Николай выслушал его без нетерпения и отвечал ему благосклонно. Заговорив в свою очередь об этом ужасном заговоре, который подготовлял цареубийство, крушение общественного порядка и отмену основных законов империи, он нашел те красноречивые и убедительные слова, которые глубоко тронули Пушкина и взволновали его до слез. Император протянул ему руку и проникновенным голосом сказал:
«Я был бы в отчаянии встретить среди соучастников Пестеля и Рылеева того человека, которому я искренно симпатизировал и которого теперь уважаю от всего сердца. Продолжайте оказывать честь России вашими произведениями и считайте меня своим другом».
Император прибавил, что он разрешал ему отныне жить в обеих столицах или в любом другом месте государства, по собственному выбору; он прибавил к этому, что произведения Пушкина будут иметь отныне единственным цензором самого царя».50
Рассказ этот, записанный со слов самого Николая, естественно, выставляет его в самом выгодном свете, но в основном, поскольку он поддается сверке с другими данными, его следует признать во всяком случае весьма близким к истине.

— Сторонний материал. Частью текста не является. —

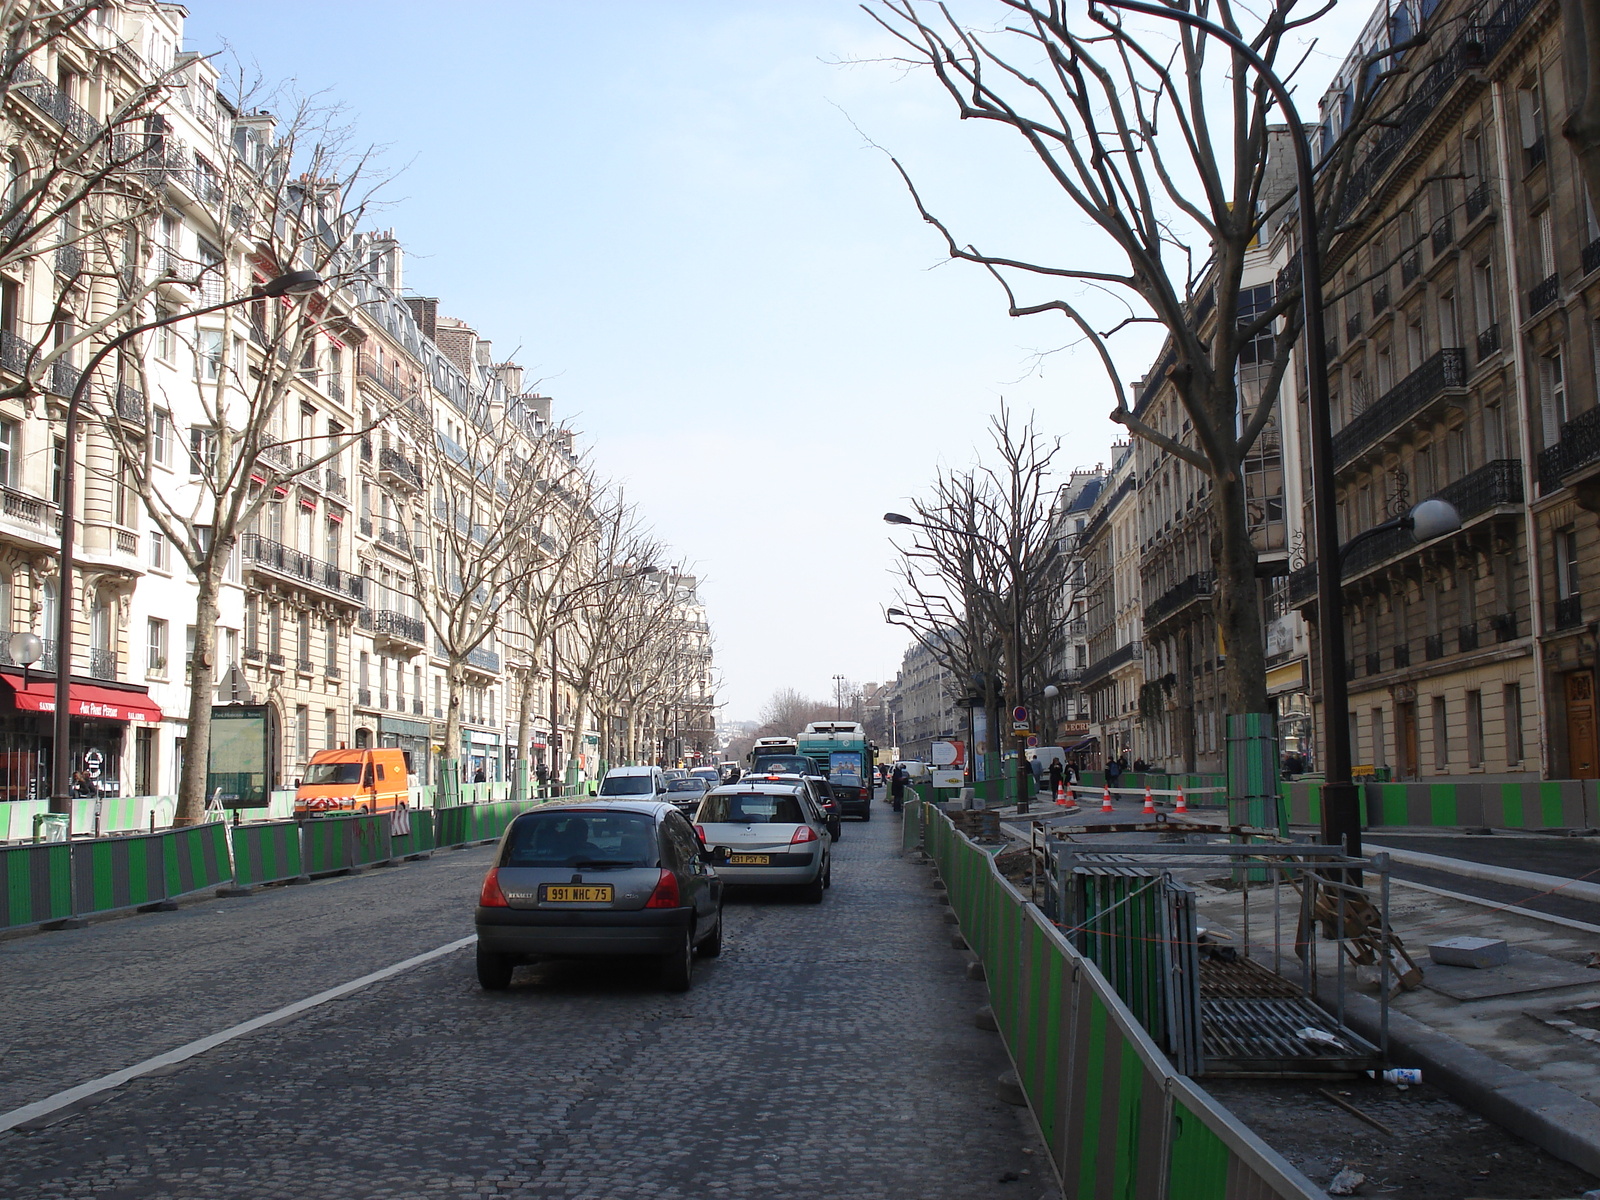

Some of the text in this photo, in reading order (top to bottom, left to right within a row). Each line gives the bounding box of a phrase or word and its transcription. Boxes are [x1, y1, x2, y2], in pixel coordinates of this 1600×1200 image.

[552, 888, 607, 900] 991 NHC 75
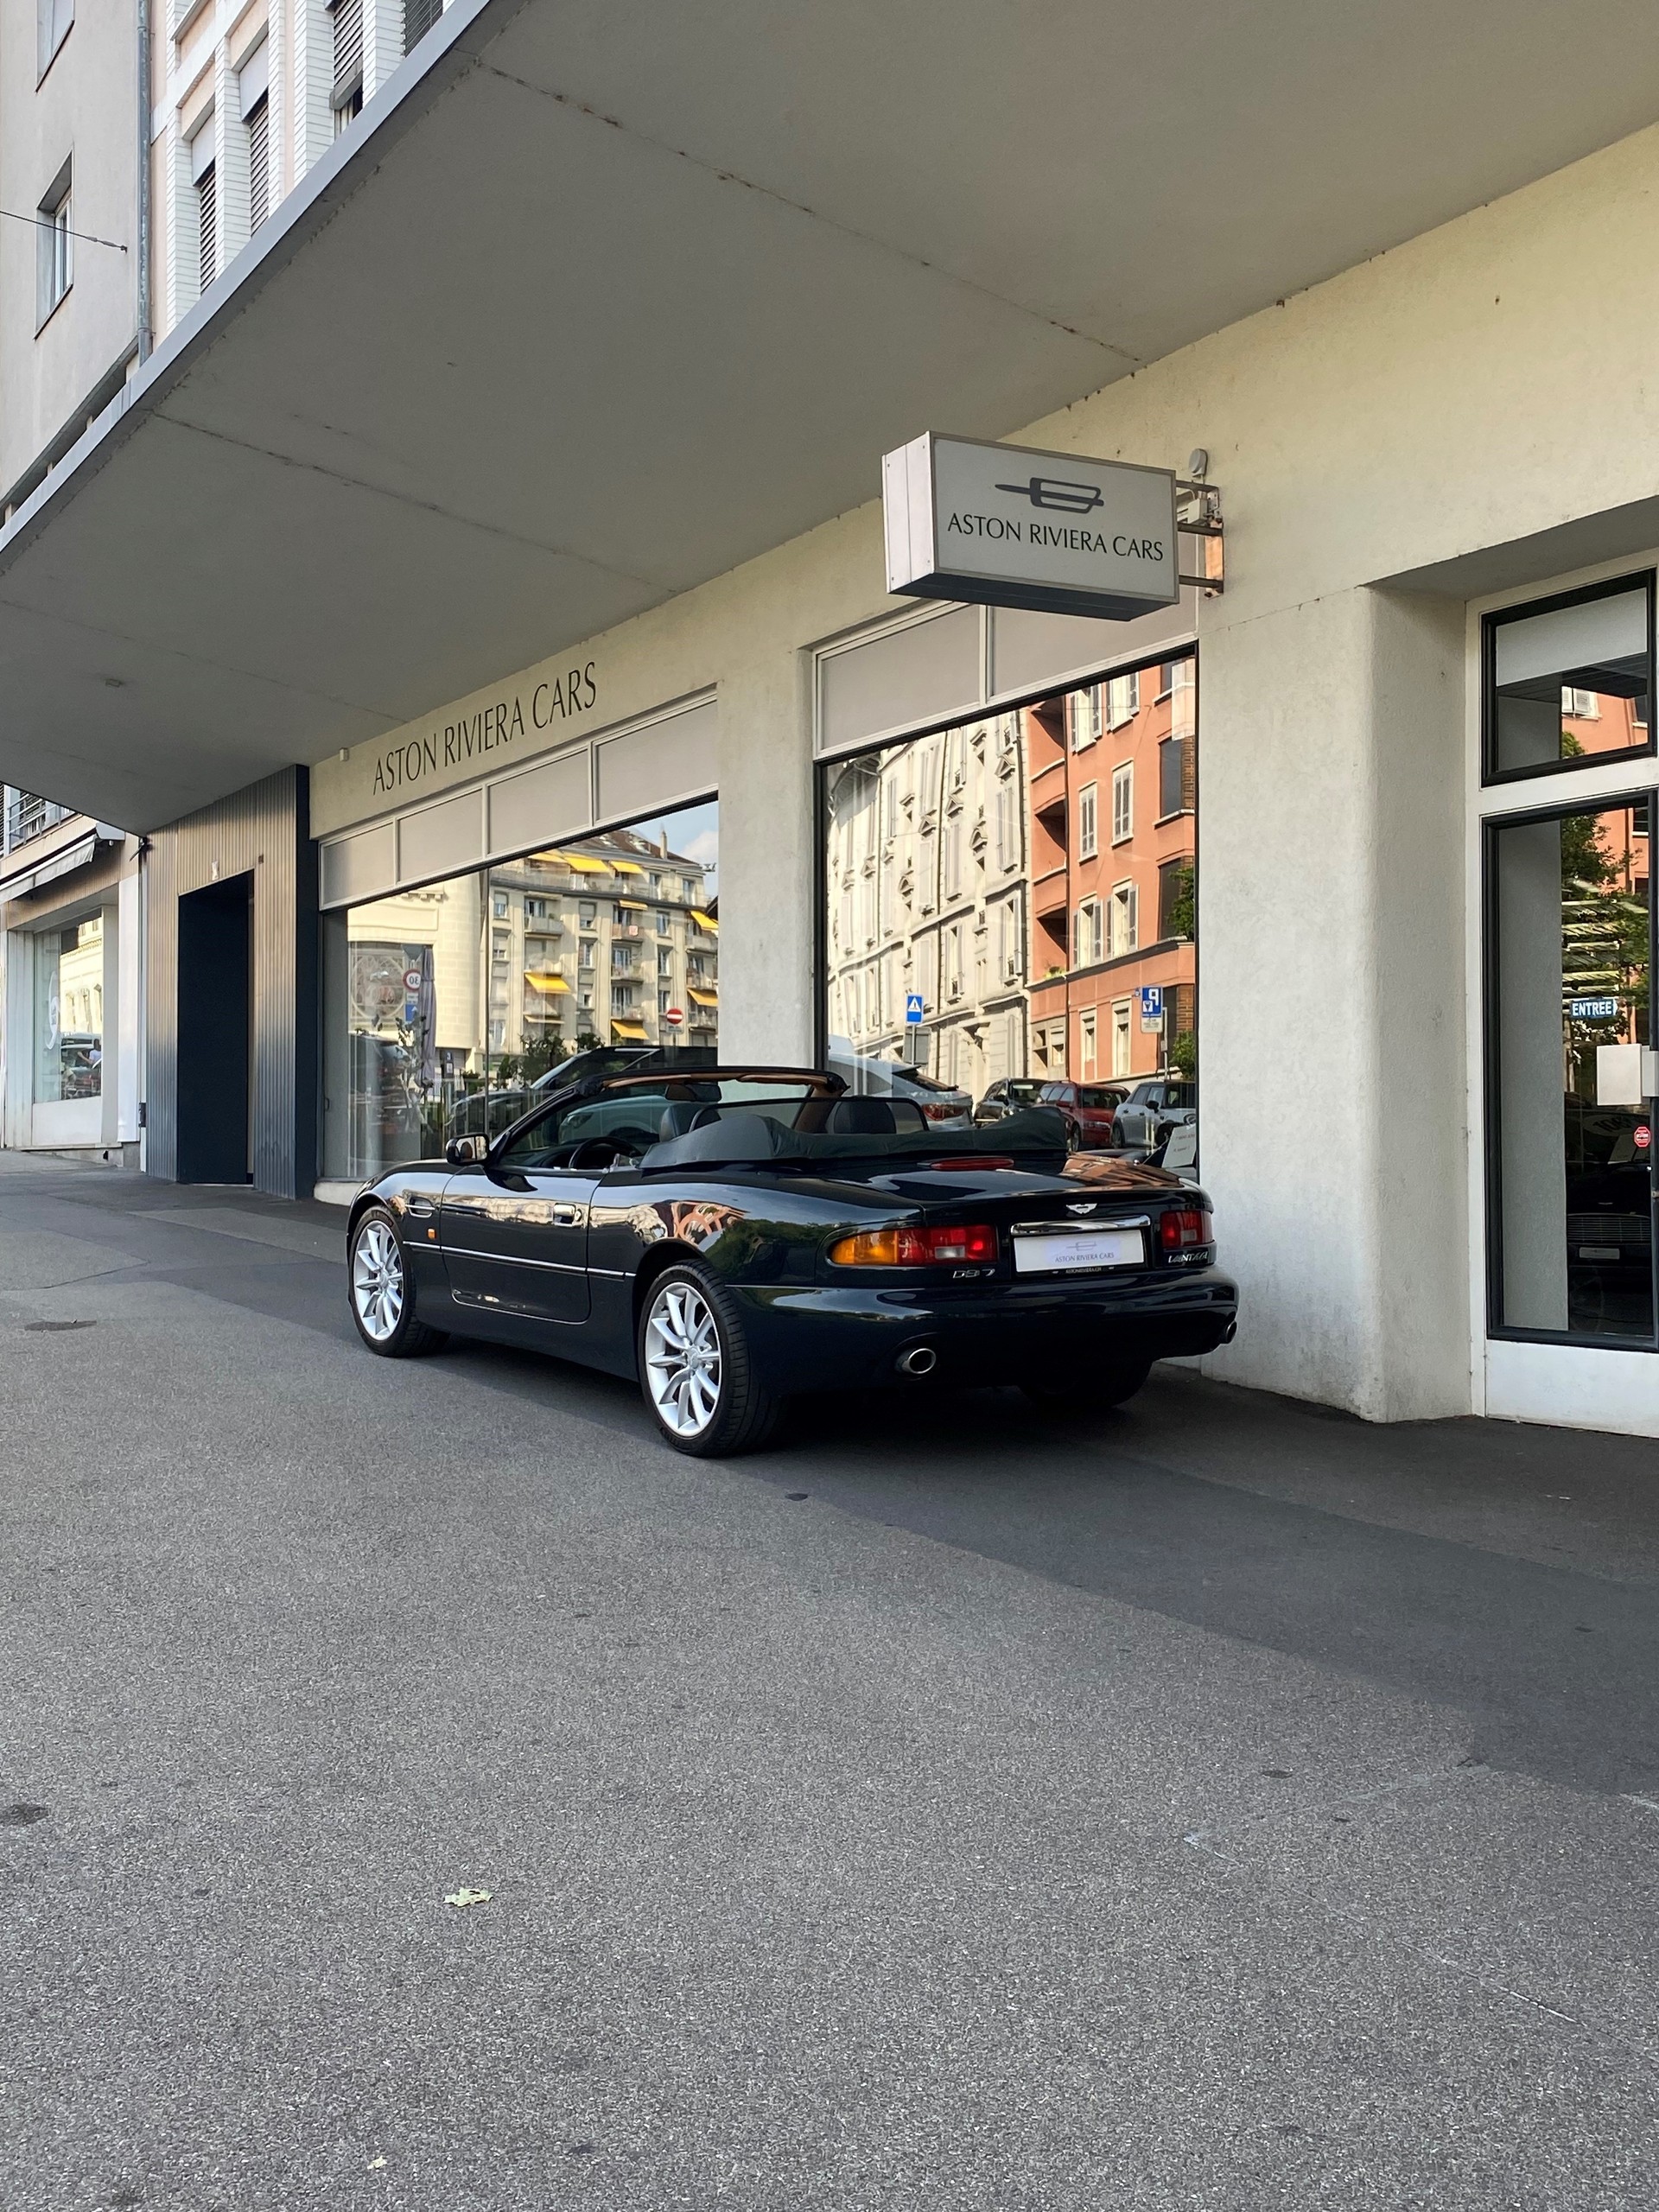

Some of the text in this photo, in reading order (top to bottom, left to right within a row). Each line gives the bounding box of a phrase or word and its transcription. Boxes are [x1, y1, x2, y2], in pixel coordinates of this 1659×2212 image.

Основной расчет правительства на общественный эффект «царской милости» оказался безошибочным. Коронационная Москва, занятая празднествами и официальной суетой, отметила возвращение поэта, как крупнейшее событие.
Но некоторые «жесты» императора встретили критику в писательской среде: «Государь обещался сам быть его цензором, — писал вскоре Вяземский. — Какое противоречье! Одно из двух: или цензура притеснительна, тогда отмени ее, или она истинный страж, не пропускающий заразы, и тогда как можно давать кому-нибудь право миновать ее?»
Противоречий в новых взаимоотношениях поэта с верховным правительством было, действительно, немало.
Поэт почувствовал себя в ловушке и сразу же решил отстаивать во что бы то ни стало свою внутреннюю независимость.
Торжественную пышность царского кабинета сменяют домашние пенаты московского писателя и ближайшего родственника — Василия Львовича. Завезя вещи в гостиницу «Европа», Пушкин отправился в дальний район Москвы, где провел свои детские годы, — на Старую Басманную. Здесь доживал свой век, уже приближаюсь к седьмому десятку, некогда столь резвый творец Буянова.
Василий Львович сильно постарел. Он страдал подагрой, поседел, облысел, задыхался, еле двигался, но сохранил в неприкосновенности свой культ поэзии и дар остроумной беседы. В последнее время он несколько дулся на племянника за сатирическую эпитафию его любимой сестре: «Ах, тетушка, ах, Анна Львовна», где сильно доставалось и ему. Но «арзамасский староста» не умел долго сердиться, особенно на племянника-поэта, пред гением которого преклонялся. С удивительной молодостью сердца и свежестью умственных интересов Василий Львович старался не отставать от новейшего движения поэзии, интересовался романтизмом, писал «подражания Байрону», готовился дать повесть в стихах. Приезд к нему Александра, к тому же освобожденного от ссылки, был для старика подлинным праздником. Ребенок, учившийся некогда стихам по его басням и сказкам, мальчик, которого он отвозил к министру на вступительный лицейский экзамен, стал автором «Евгения Онегина», первым русским поэтом, пред обаянием имени которого склоняется вся страна.
Василий Львович усадил племянника за ужин и повел с ним живой, игривый французский диалог, в котором — сквозь все увлечения новейшей поэзии — мерцали тонкие и изысканные афоризмы XVIII века. Это был, как сказано в последней главе «Онегина»,
Здесь Пушкин принял своего первого московского гостя — Соболевского, друга Льва Сергеевича по царскосельскому благородному пансиону и ученика Кюхельбекера, Куницына и Галича. Это был гигант, богач, кутила, но одновременно страстный книголюб, преданнейший друг писателей, выдающийся языковед и даровитый эпиграмматист (многие экспромты Соболевского приписывались Пушкину). С бала у французского посла маршала Мармона, где Николай демонстрировал «Титово милосердие», то есть сообщил Блудову, что беседовал «с умнейшим человеком в России», — Соболевский немедленно же бросился к Василию Львовичу разыскивать поэта. Старинные приятельские отношения были сразу закреплены и вскоре перешли в близкую дружбу. Соболевский, с его практическим умом и властным характером, оказал несколько крупных услуг своему новому приятелю. Он начал с того, что умело расстроил поединок поэта с Толстым-Американцем; Пушкин чуть ли не с первых же слов пригласил Соболевского в секунданты. Этот мимолетный эпизод свидетельствует лишь о том, как мучительно переживал поэт «неотразимые обиды» 1820 года.